Background-Recent reports have shown a probable association between certain HLA antigens and acute graft versus host disease (GVHD) after allogeneic bone marrow transplantation (BMT).Methods-Medical records of 162 patients who had undergone allogeneic BMT from an HLA-identical sibling in the Hematology, Oncology and Bone Marrow Transplantation Center of Shariati Hospital in Tehran between 1991 and 1999, were studied and analyzed by univariate and multivariate analyses. All factors including HLA antigens, age, sex and diagnosis were examined jointly using a logistic regression analysis. The relationship between HLA antigens and acute GVHD was re-examined within the regression setting. Results- The diagnosis was thalassemia in 81 (50%), CML in 27 (16.7%), AML in 16 (9.9%), ALL in 6 (3.7%) and aplastic anemia in 22 (13.6 %) cases. Overall, 36 (22.2%) patients developed clinical Grade III and IV acute GVHD. Univariate analysis confirmed an increased risk of severe acute Grade III and IV GVHD, which was associated with the diagnosis of AML, donor to recipient sex mismatch and probably with the allele HLA-DR7 (p=0.01, 0.051 and 0.07, respectively).
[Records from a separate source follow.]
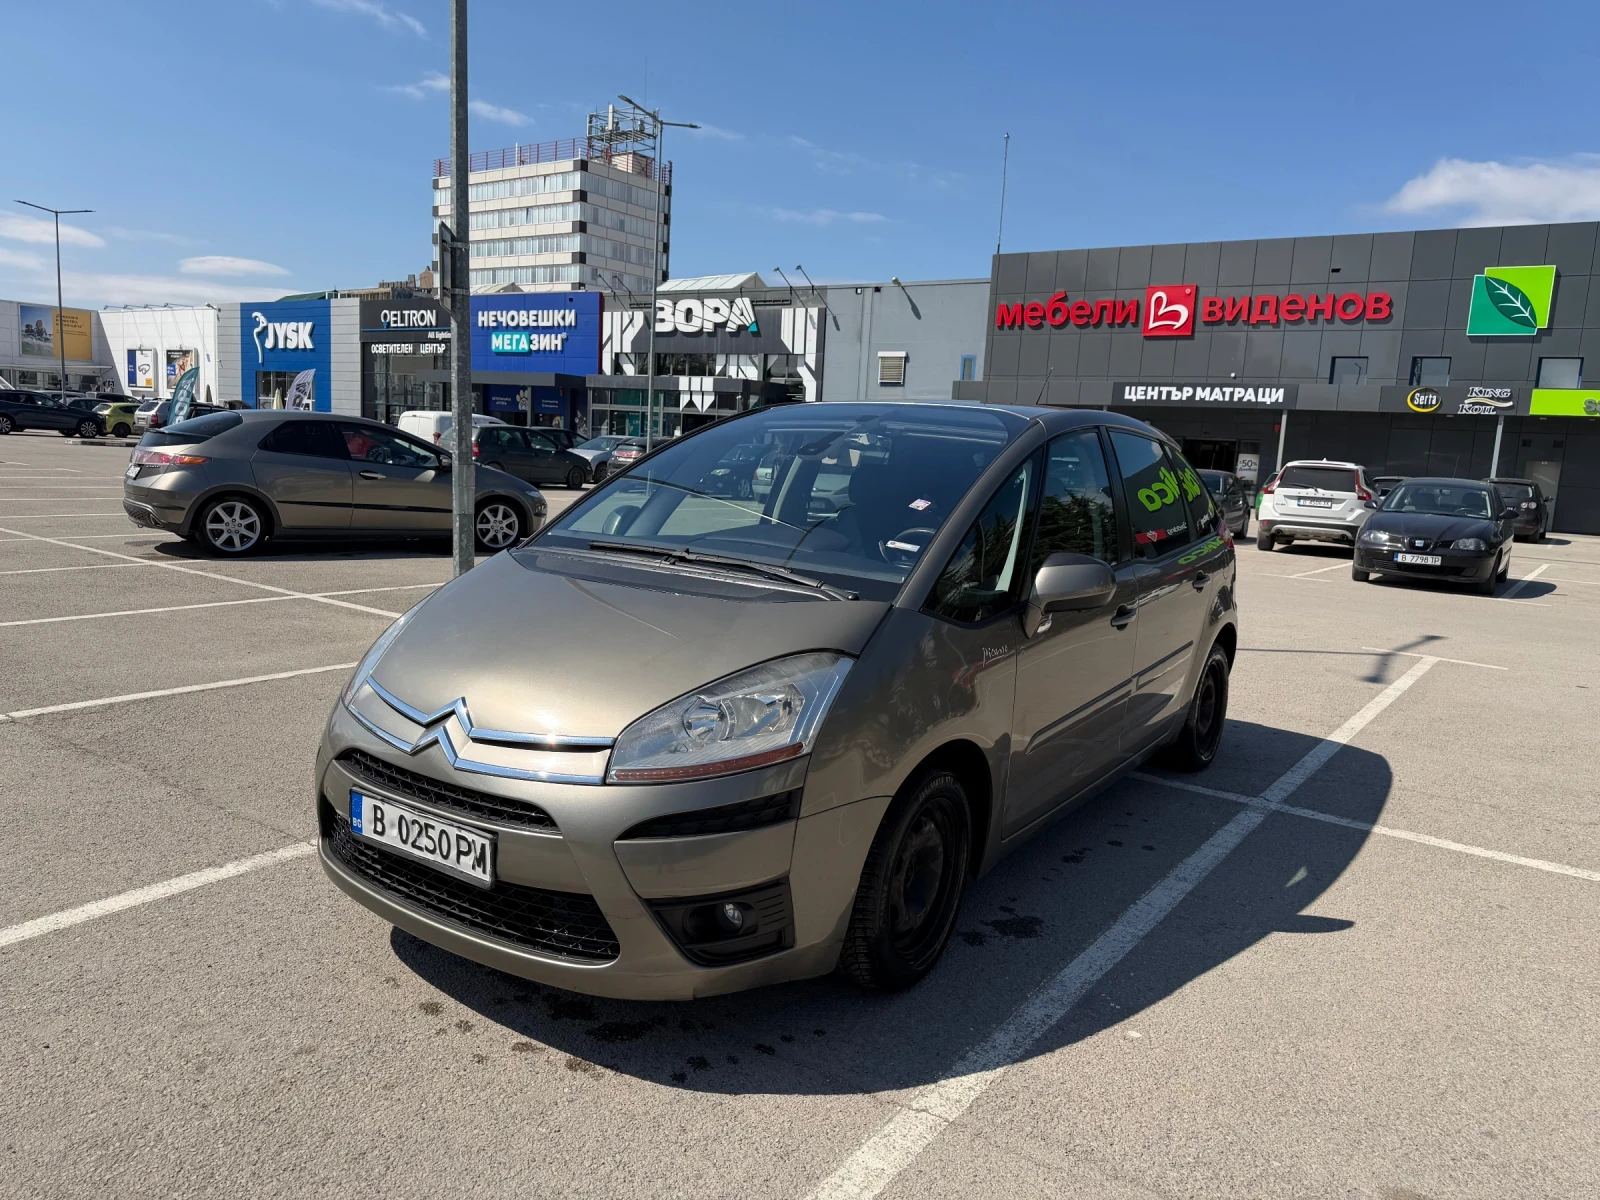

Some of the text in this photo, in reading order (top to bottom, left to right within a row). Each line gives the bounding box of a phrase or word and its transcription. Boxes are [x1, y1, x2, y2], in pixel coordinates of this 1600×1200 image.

[478, 309, 576, 327] НЕЧОВЕШКИ
[996, 291, 1391, 327] мебели виденов
[265, 322, 315, 349] JYSK
[371, 343, 446, 355] ОСВЕТИТЕЛЕН ЦЕНТЪР
[1124, 386, 1285, 404] ЦЕНТЪР МАТРАЦИ
[1413, 392, 1437, 406] Serta
[352, 817, 362, 828] BG
[373, 804, 487, 875] B 0250 PM
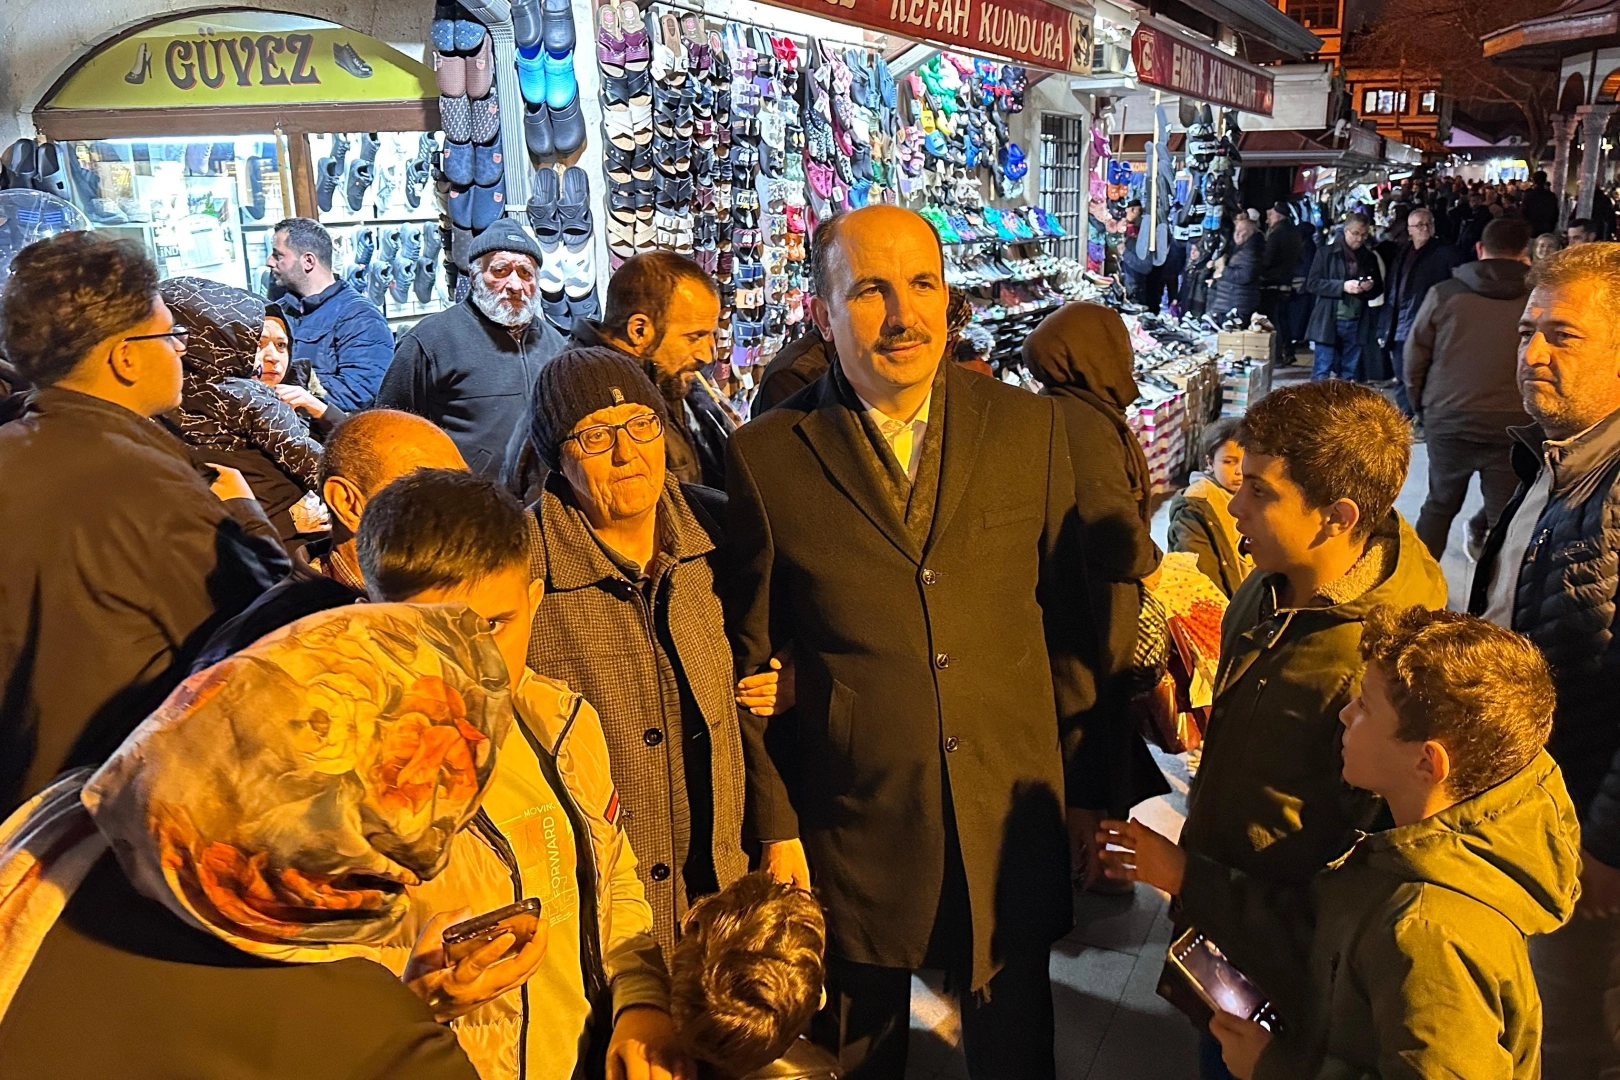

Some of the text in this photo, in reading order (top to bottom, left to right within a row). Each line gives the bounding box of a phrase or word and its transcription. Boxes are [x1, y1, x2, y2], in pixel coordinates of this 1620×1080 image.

[165, 27, 322, 90] GÜVEZ
[979, 2, 1064, 62] KUNDURA
[1208, 59, 1257, 108] KUNDURA
[542, 816, 561, 898] FORWARD
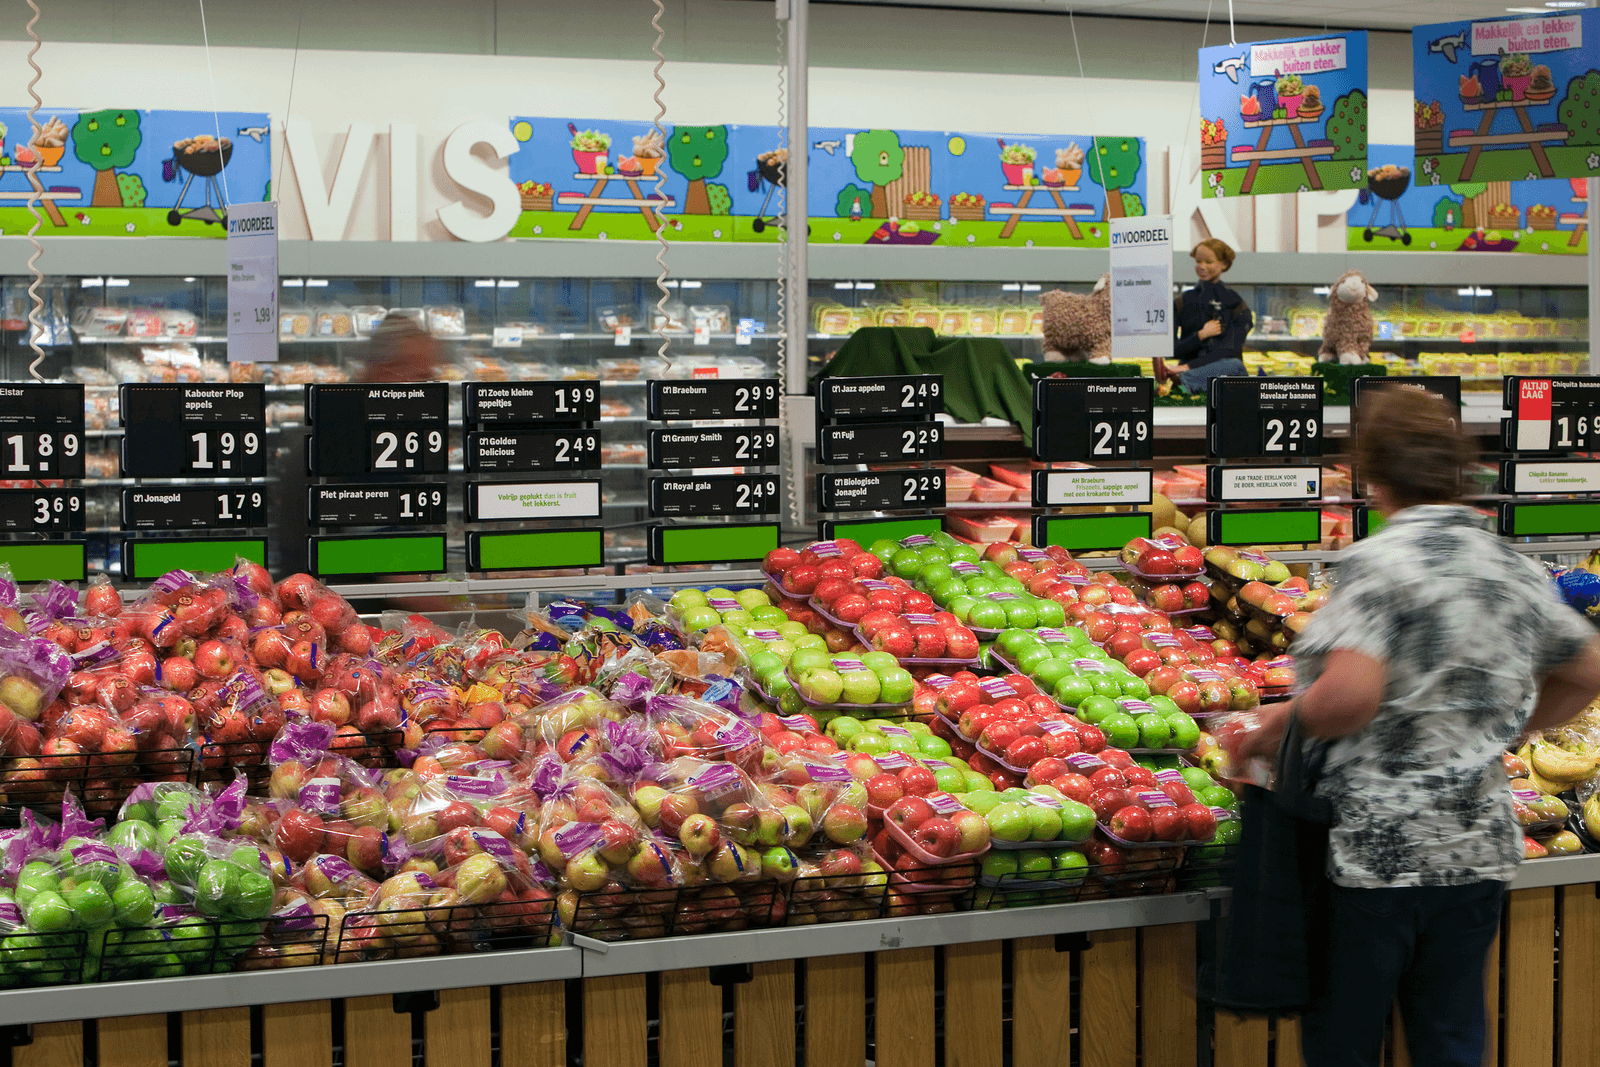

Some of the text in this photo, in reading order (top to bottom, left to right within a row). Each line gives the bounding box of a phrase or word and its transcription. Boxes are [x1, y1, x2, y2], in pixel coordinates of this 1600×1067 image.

The risk of GVHD was reduced in the presence of the HLA-B35 allele (p=0.04). Multivariate analysis confirmed a decreased risk of acute GVHD associated with HLA-B35 (p=0.01), while the risk was increased in patients with AML (p=0.009) and in those with a sex-mismatched donor.Conclusion-In this study, AML, donor-to-recipient sex mismatch and probably HLA-DR7 were found to be probable risk factors associated with GVHD, and HLA-B35 was found to be a protective factor against severe acute GVHD. These data might be useful as prognostic factors in predicting the risk of GVHD and also in defining risk-related methods for GVHD prophylaxis.